▸ **The problem**
Images excluded, reproduce each line of the records exactly as it stands.

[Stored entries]
══════════════════════════════

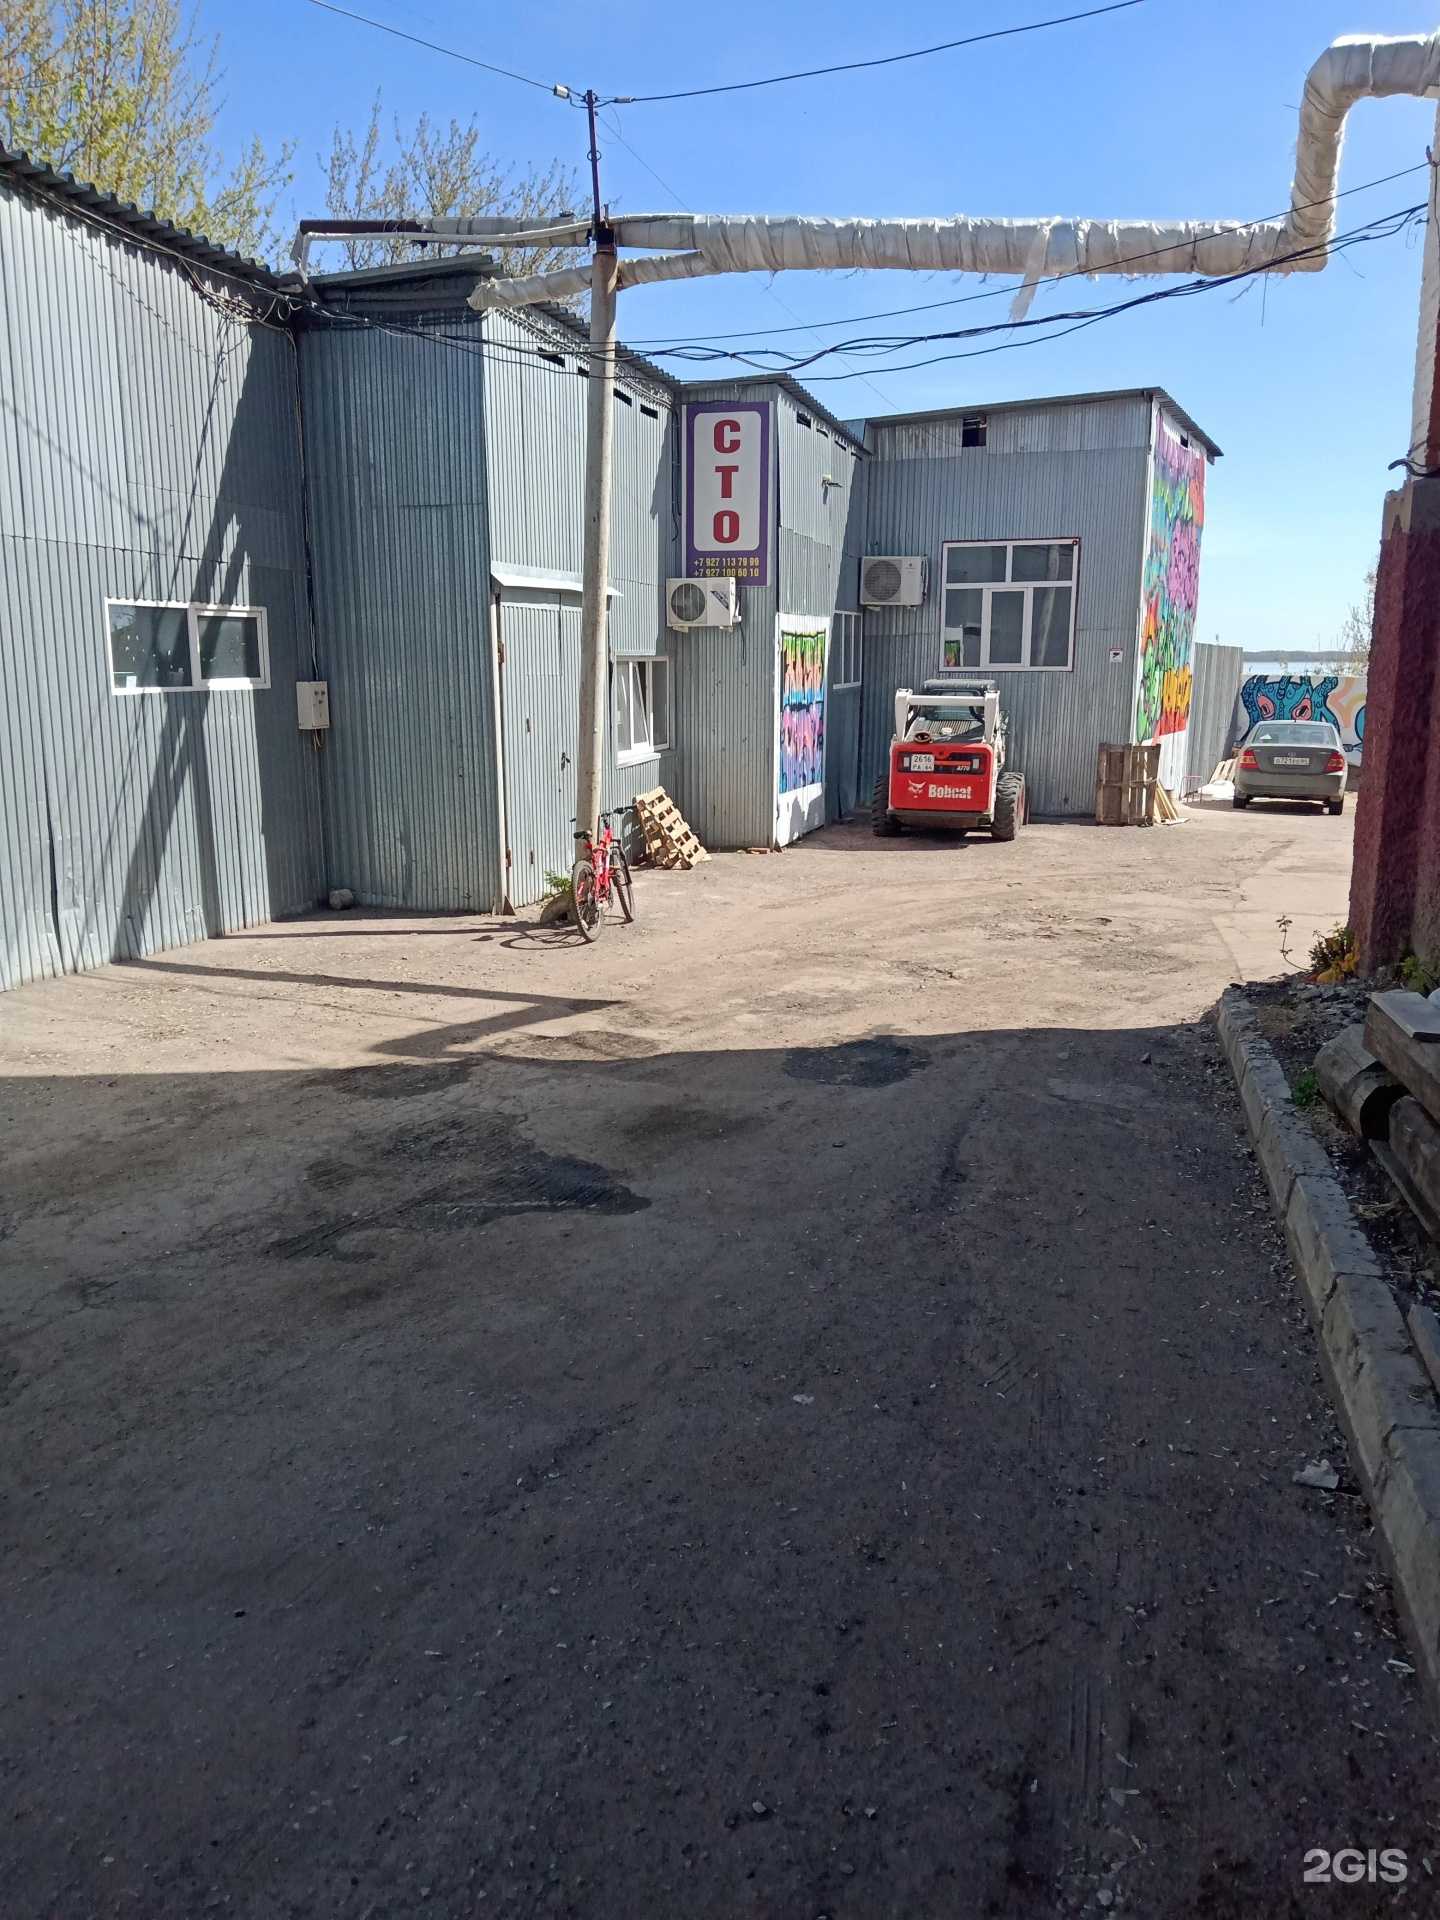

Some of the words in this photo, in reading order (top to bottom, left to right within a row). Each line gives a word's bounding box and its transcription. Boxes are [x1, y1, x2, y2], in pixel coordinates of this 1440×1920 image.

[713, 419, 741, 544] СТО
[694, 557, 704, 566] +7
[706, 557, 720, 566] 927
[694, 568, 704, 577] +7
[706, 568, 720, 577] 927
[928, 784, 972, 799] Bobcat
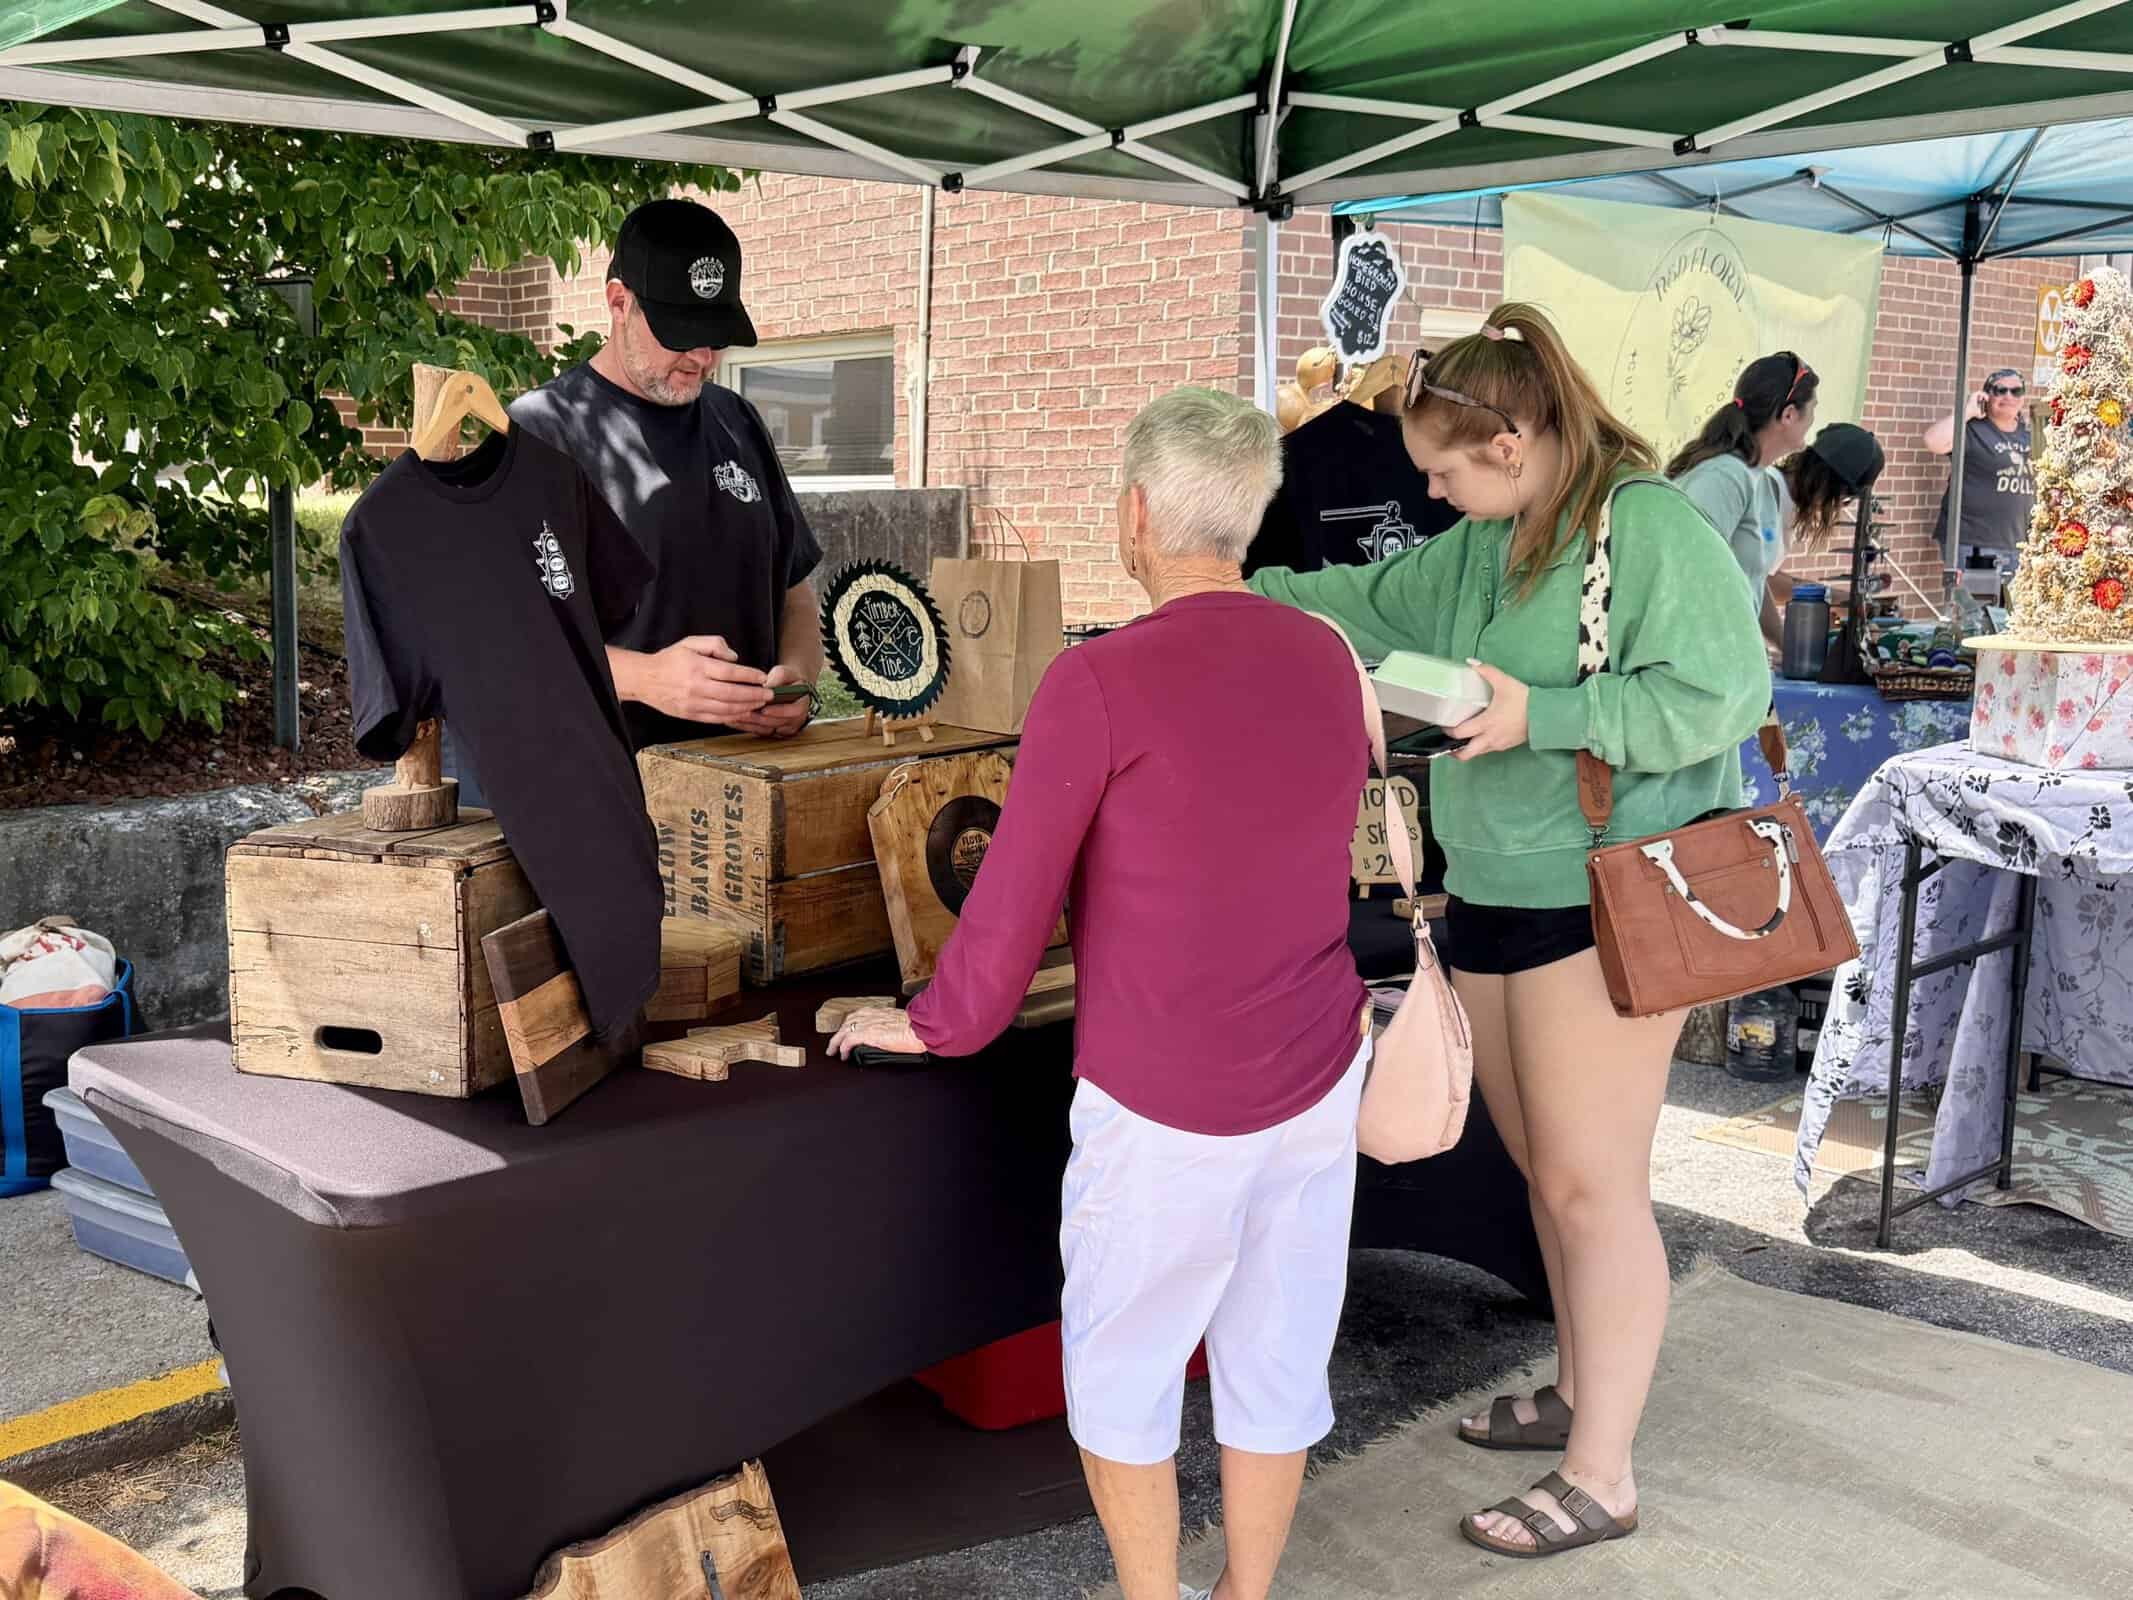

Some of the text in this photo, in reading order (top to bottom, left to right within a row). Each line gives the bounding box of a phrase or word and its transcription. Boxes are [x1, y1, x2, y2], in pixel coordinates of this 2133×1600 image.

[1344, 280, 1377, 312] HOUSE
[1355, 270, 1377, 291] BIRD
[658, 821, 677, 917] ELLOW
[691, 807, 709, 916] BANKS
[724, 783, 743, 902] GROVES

══════════════════════════════

▸ **Answer to this exercise**
Some of the words in this photo, in reading order (top to bottom, left to right within a row). Each line gives a word's bounding box and its transcription. Boxes are [x1, y1, x2, y2], in pixel coordinates of this 1440×1920 image.

[713, 419, 741, 544] СТО
[694, 557, 704, 566] +7
[706, 557, 720, 566] 927
[694, 568, 704, 577] +7
[706, 568, 720, 577] 927
[928, 784, 972, 799] Bobcat

Some of the text in this photo, in reading order (top to bottom, left to right within a row). Each line gives the bounding box of a phrase or word and its transcription. Boxes are [x1, y1, x2, y2], in pixel coordinates of this 2133×1600 image.

[1344, 280, 1377, 312] HOUSE
[1355, 270, 1377, 291] BIRD
[658, 821, 677, 917] ELLOW
[691, 807, 709, 916] BANKS
[724, 783, 743, 902] GROVES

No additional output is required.